Effects of degeneration on the compressive and tensile properties of human meniscus

Abstract

Healthy menisci function within the joint to prevent the underlying articular cartilage from excessive loads. Understanding how mechanical properties of menisci change with degeneration can drive future therapeutic studies to prevent this degeneration. Thus, the goal of this study was to characterize both compressive and tensile moduli of human menisci with varying degrees of gross damage due to osteoarthritis (OA). Twenty four paired menisci were collected from total knee joint replacement patients and the menisci were graded on a scale from 0-4 according to level of gross meniscal degeneration with 0=normal and 4=full tissue maceration. Each meniscus was then sectioned into anterior and posterior regions and subjected to indentation relaxation tests. Samples were sliced into 1. mm thick strips, made into dumbbells using a custom punch, and pulled to failure. Significant decreases in instantaneous compressive modulus were seen in the lateral posterior region between grades 0 and 1 (36% decrease) and in the medial anterior regions between grades 1 and 2 (67% decrease) and 1 and 3 (72% decrease).

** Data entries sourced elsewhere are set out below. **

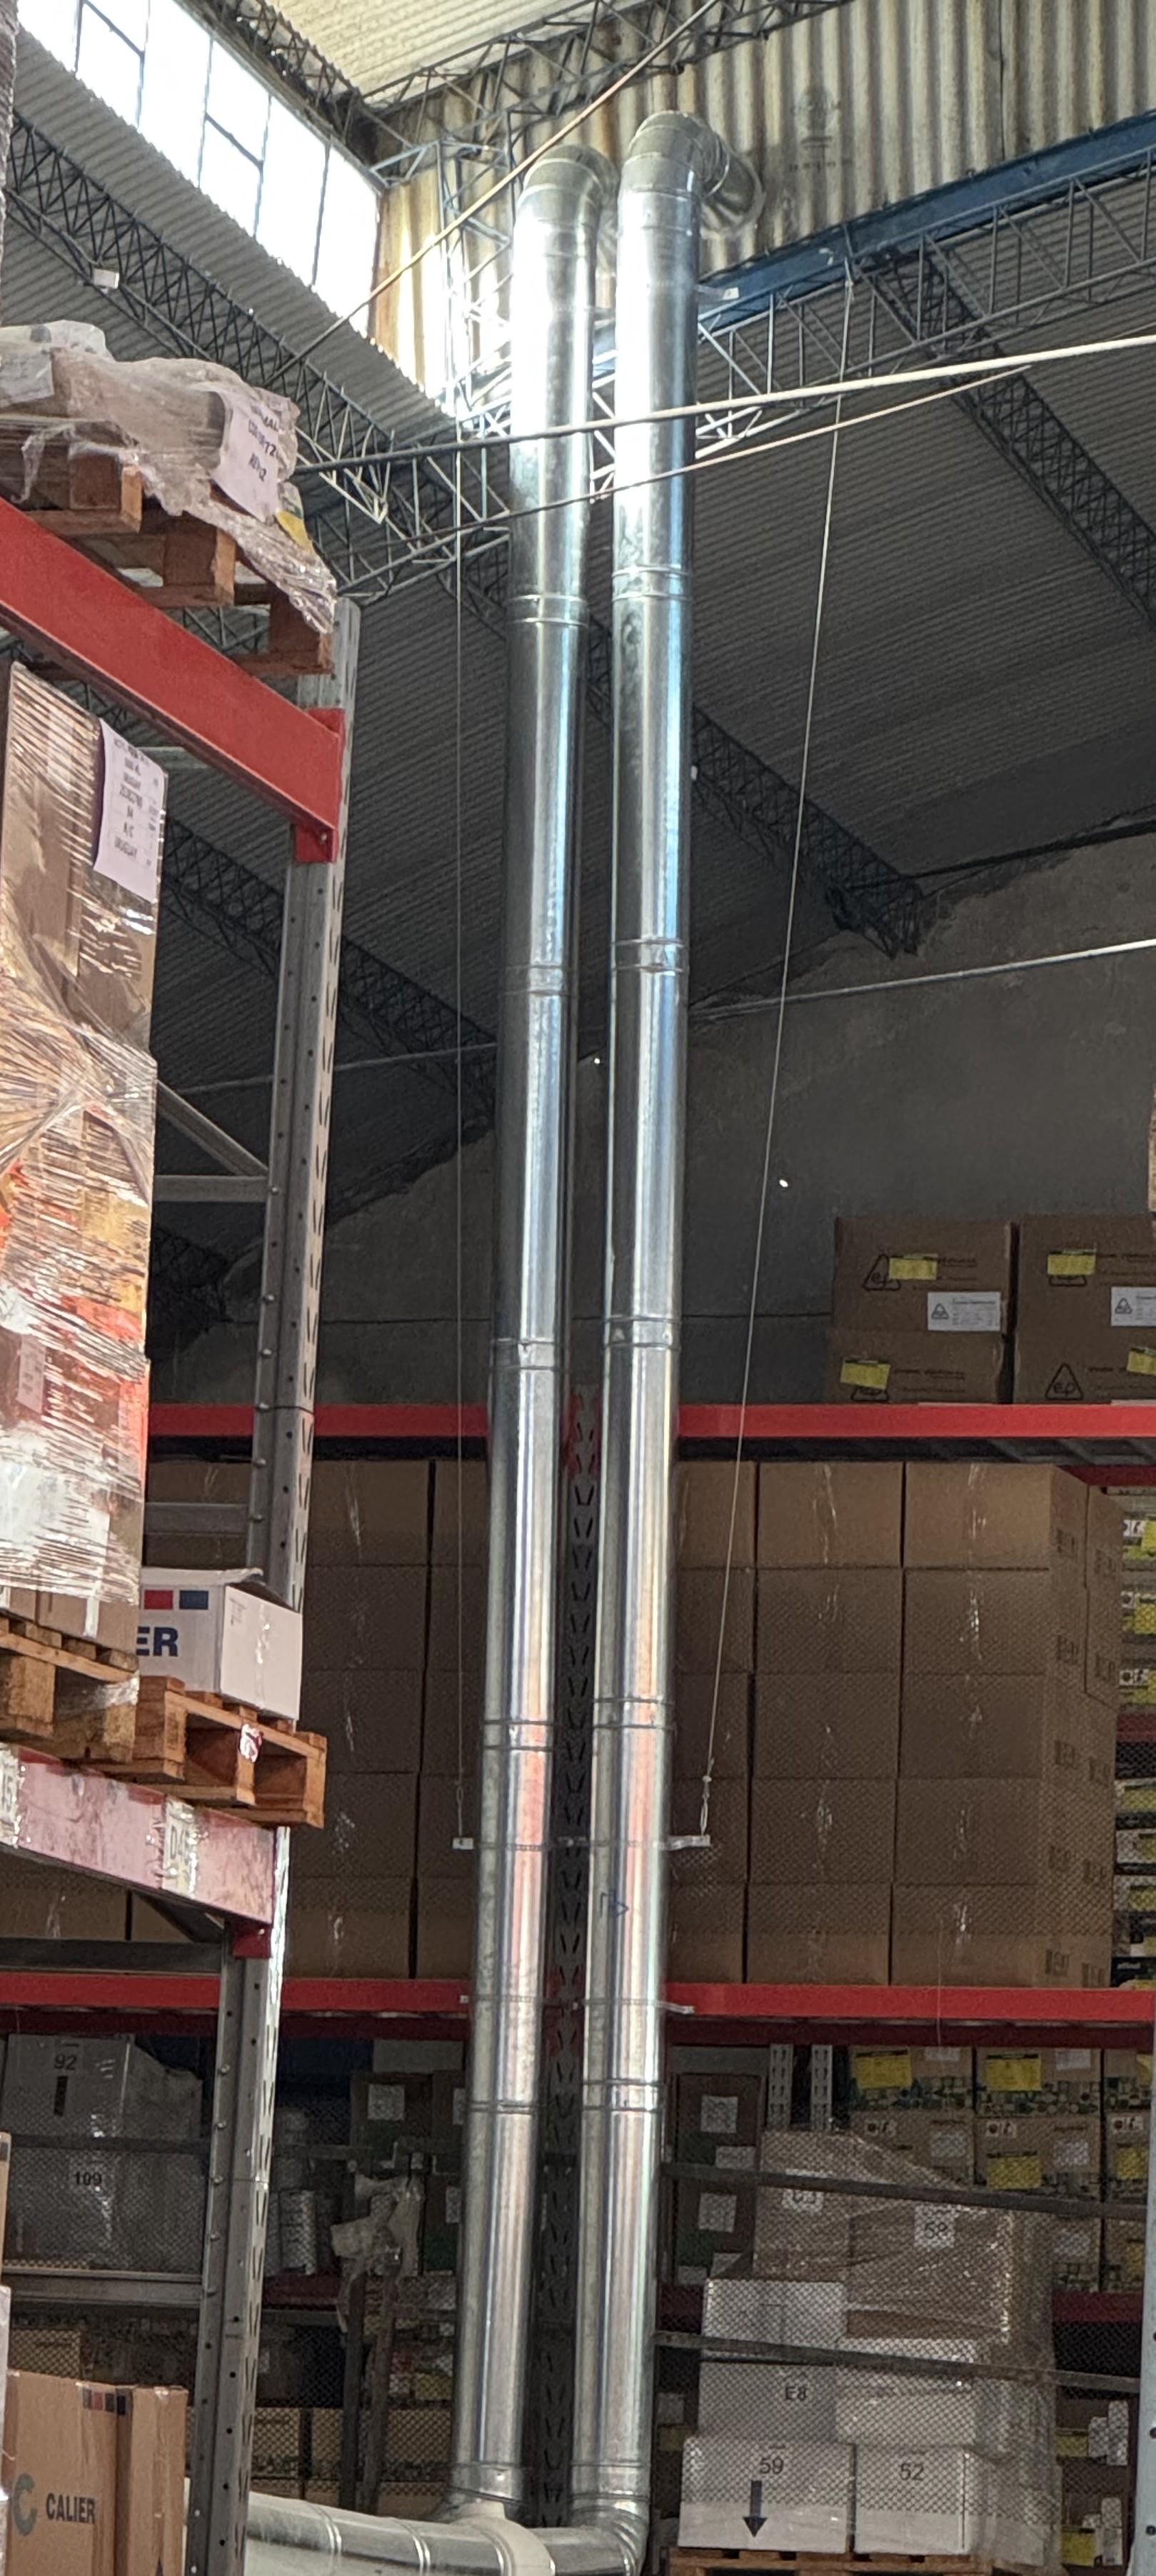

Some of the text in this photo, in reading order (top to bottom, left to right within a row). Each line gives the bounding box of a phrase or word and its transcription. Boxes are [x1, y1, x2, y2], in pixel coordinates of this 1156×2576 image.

[54, 2053, 77, 2071] 92
[75, 2171, 103, 2186] 109
[785, 2386, 807, 2401] E8
[759, 2456, 784, 2475] 59
[900, 2463, 925, 2480] 52
[46, 2492, 96, 2525] CALIER
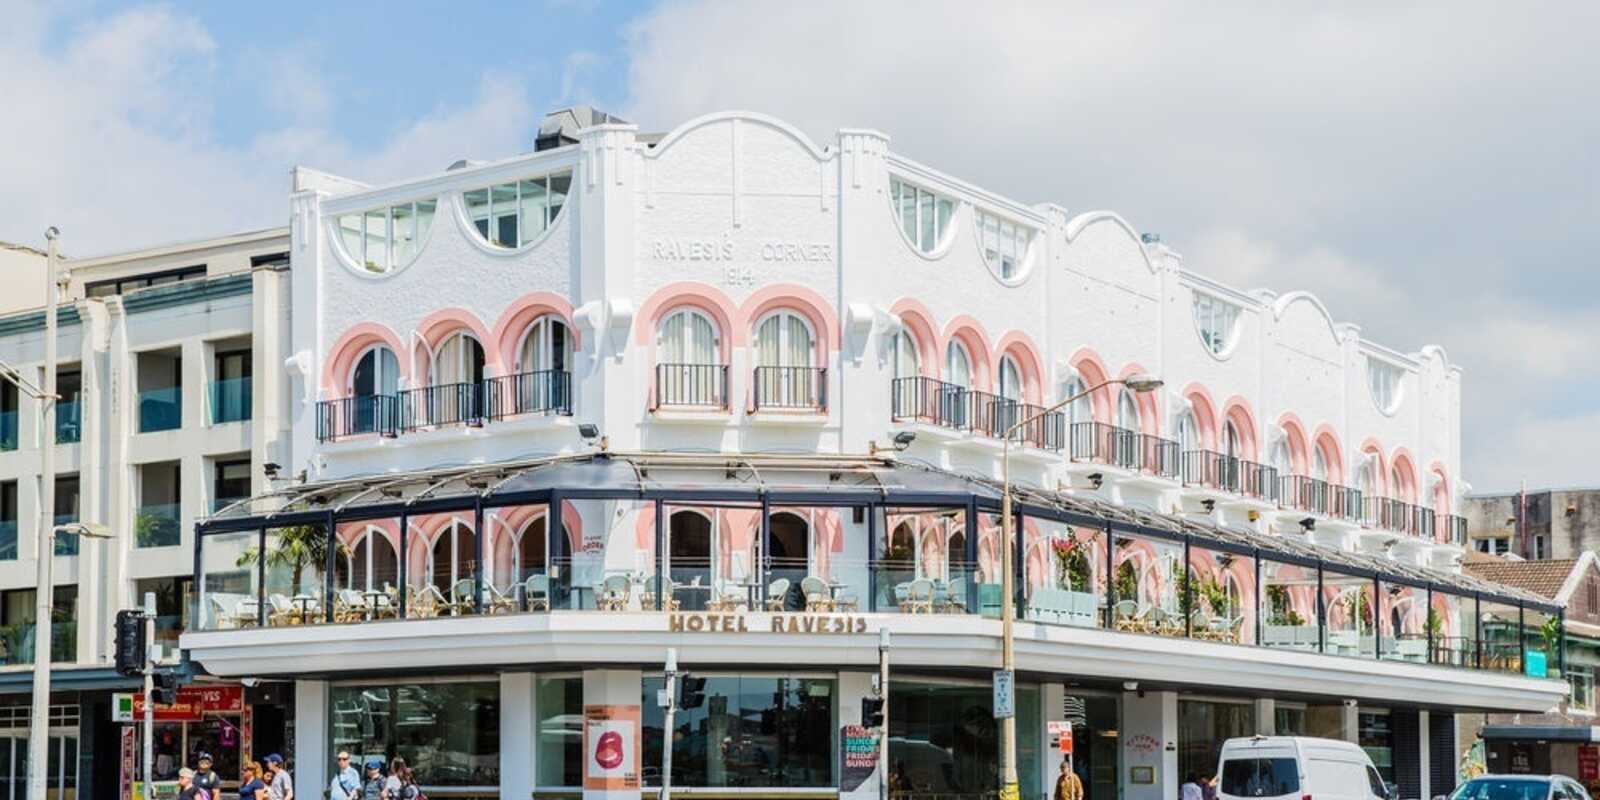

Changes in equilibrium modulus where seen in the lateral anterior region between grades 1 and 2 (35% decrease), lateral posterior region between grades 0-2 (41% decrease), and medial anterior regions between grades 1 and 2 (59% decrease), 1 and 3 (67% decrease), 2 and 4 (54% decrease), and 3 and 4 (42% decrease). No significant changes were observed in tensile modulus across all regions and degenerative grades. The results of this study demonstrate the compressive moduli are affected even in early stages of gross degeneration, and continue to decrease with increased deterioration. However, osteoarthritic menisci retain a tensile modulus similar to that of previously reported healthy menisci. This study highlights progressive changes in meniscal mechanical compressive integrity as level of gross tissue degradation increases, and thus, early interventions should focus on restoring or preserving compressive integrity.